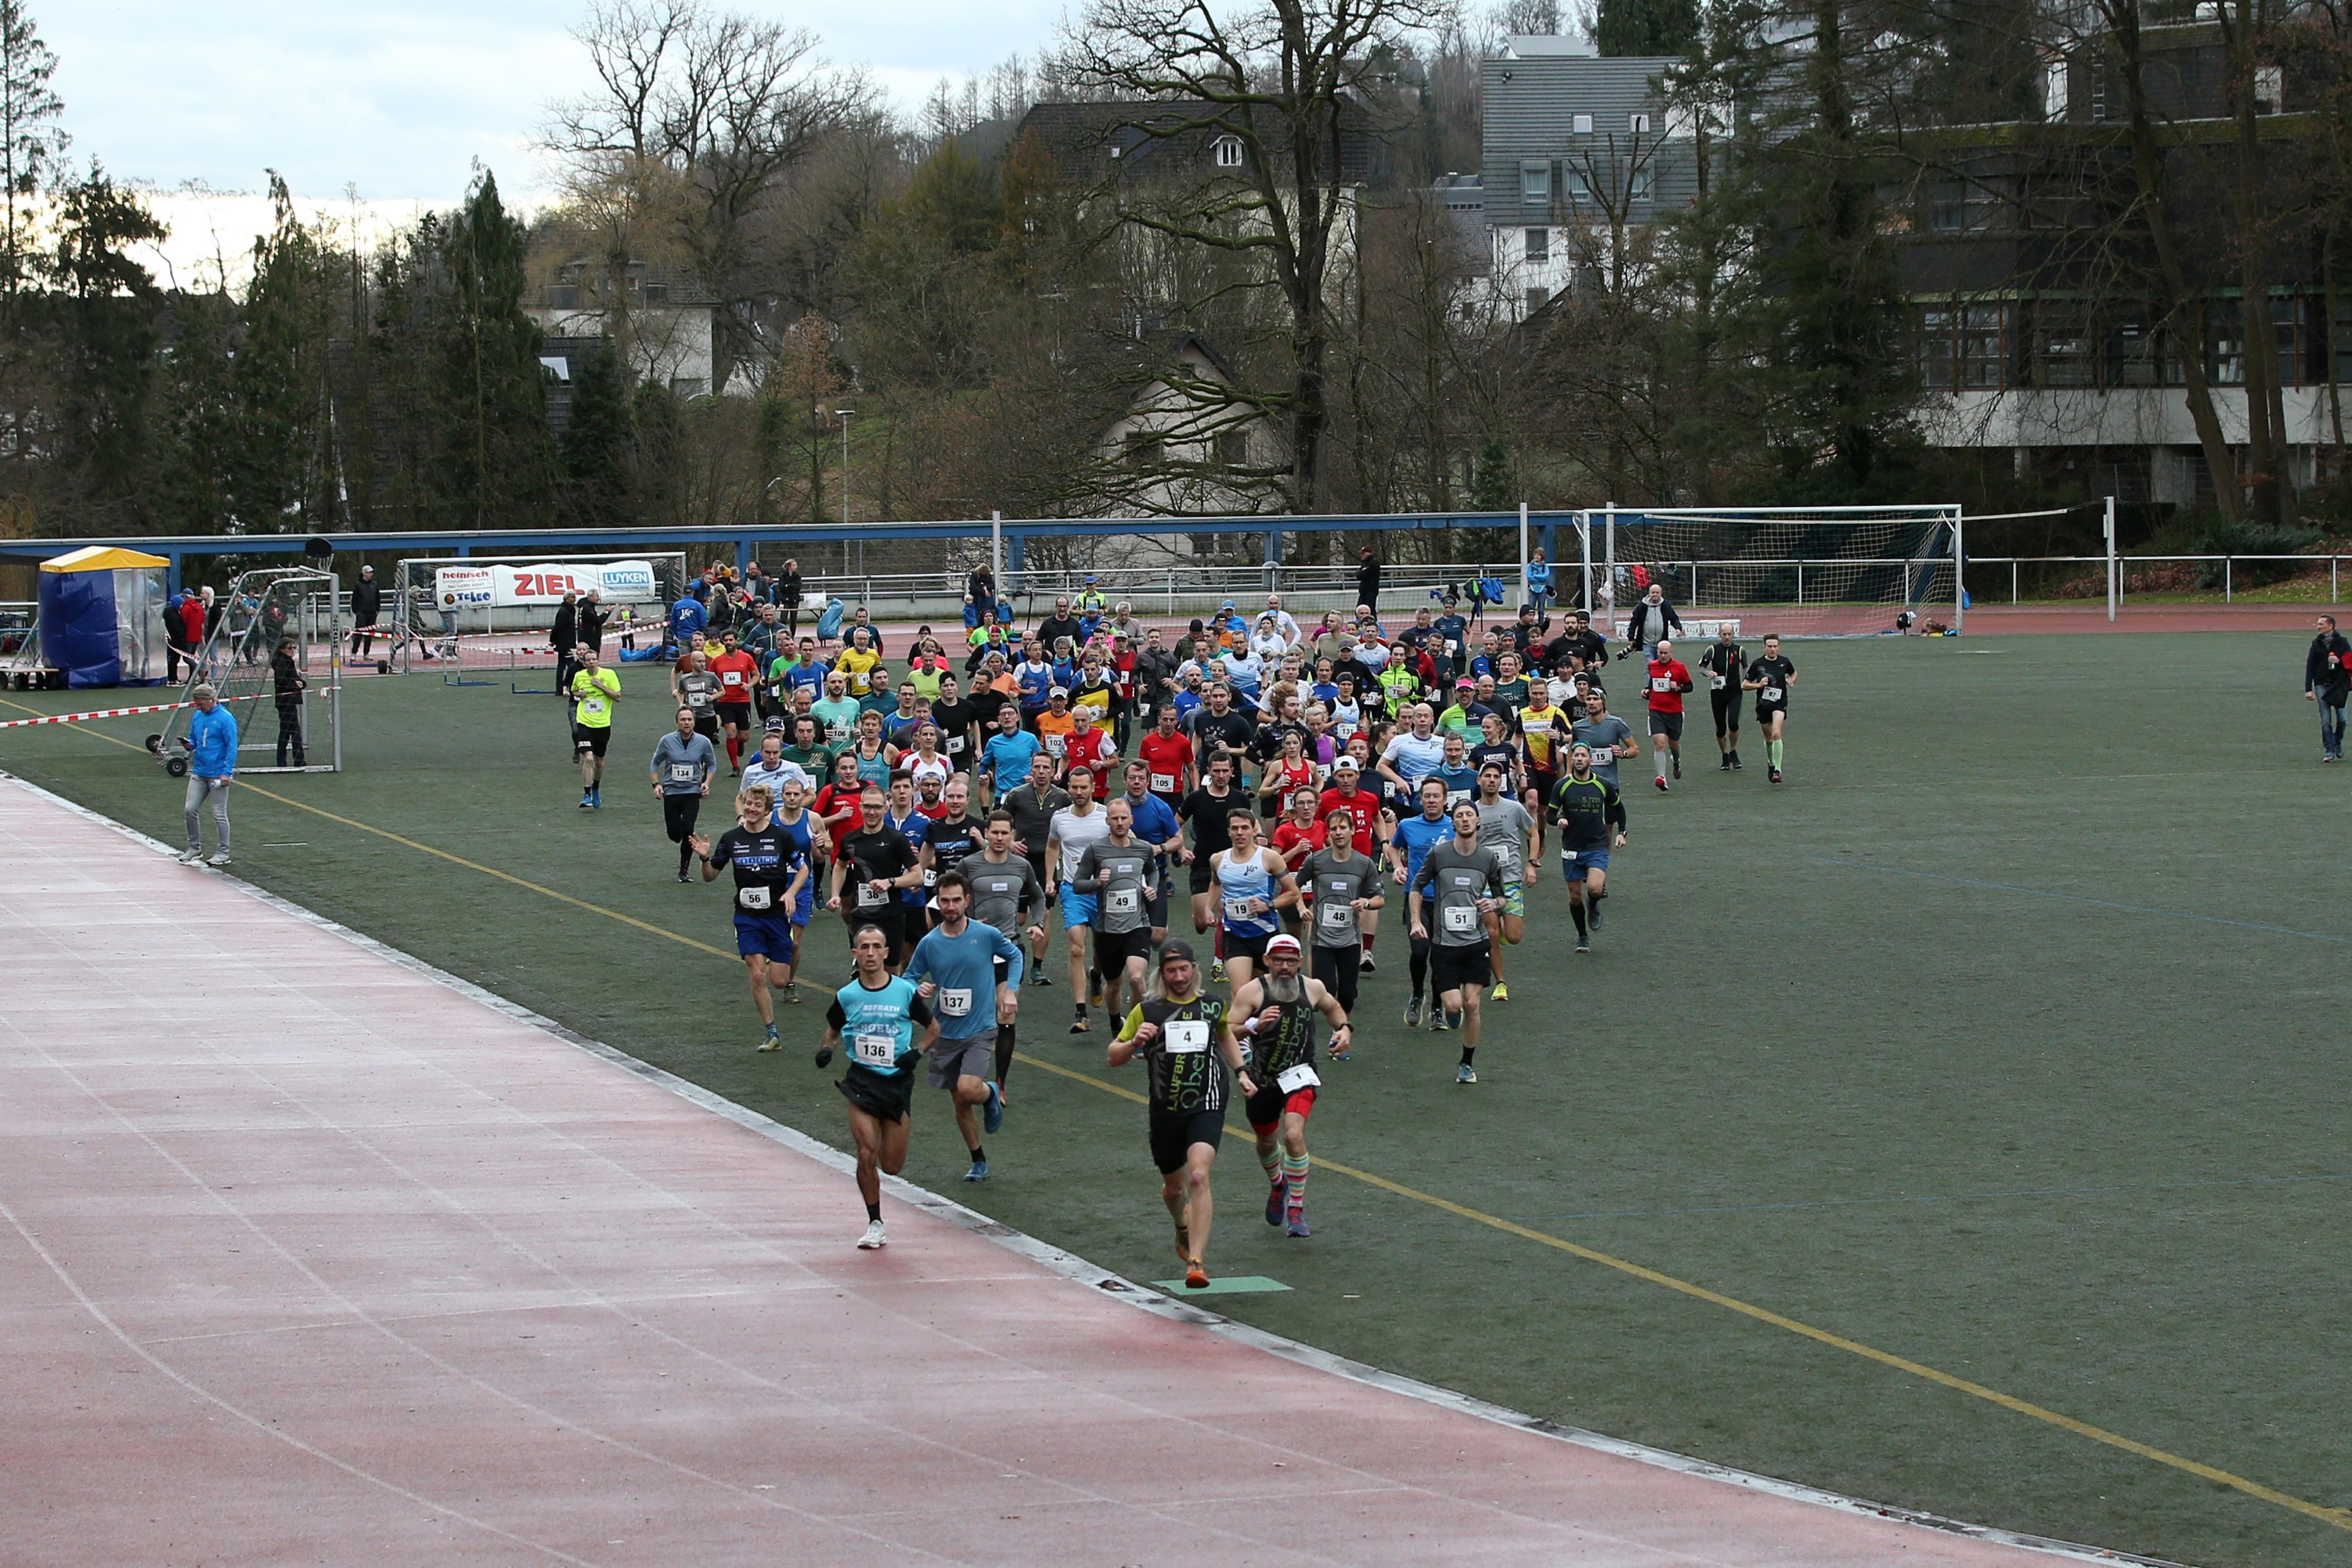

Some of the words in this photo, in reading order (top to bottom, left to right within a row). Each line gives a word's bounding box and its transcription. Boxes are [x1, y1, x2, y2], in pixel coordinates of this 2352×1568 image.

[443, 571, 489, 579] heinisch
[604, 571, 648, 584] LUYKEN
[513, 573, 586, 596] ZIEL
[1155, 779, 1168, 787] 105
[749, 894, 761, 903] 56
[1115, 897, 1128, 906] 49
[1234, 905, 1247, 914] 19
[1332, 912, 1346, 921] 48
[1455, 914, 1467, 924] 51
[944, 997, 964, 1008] 137
[863, 1004, 900, 1012] REFRATH
[1183, 1031, 1192, 1042] 4
[863, 1044, 886, 1057] 136
------------
▶ **TASK DIRECTIONS**: Word for word, repeat the material above and drop the pictures.

▶ **ANSWER SECTION**:
Some of the words in this photo, in reading order (top to bottom, left to right within a row). Each line gives a word's bounding box and its transcription. Boxes are [x1, y1, x2, y2], in pixel coordinates of this 2352×1568 image.

[443, 571, 489, 579] heinisch
[604, 571, 648, 584] LUYKEN
[513, 573, 586, 596] ZIEL
[1155, 779, 1168, 787] 105
[749, 894, 761, 903] 56
[1115, 897, 1128, 906] 49
[1234, 905, 1247, 914] 19
[1332, 912, 1346, 921] 48
[1455, 914, 1467, 924] 51
[944, 997, 964, 1008] 137
[863, 1004, 900, 1012] REFRATH
[1183, 1031, 1192, 1042] 4
[863, 1044, 886, 1057] 136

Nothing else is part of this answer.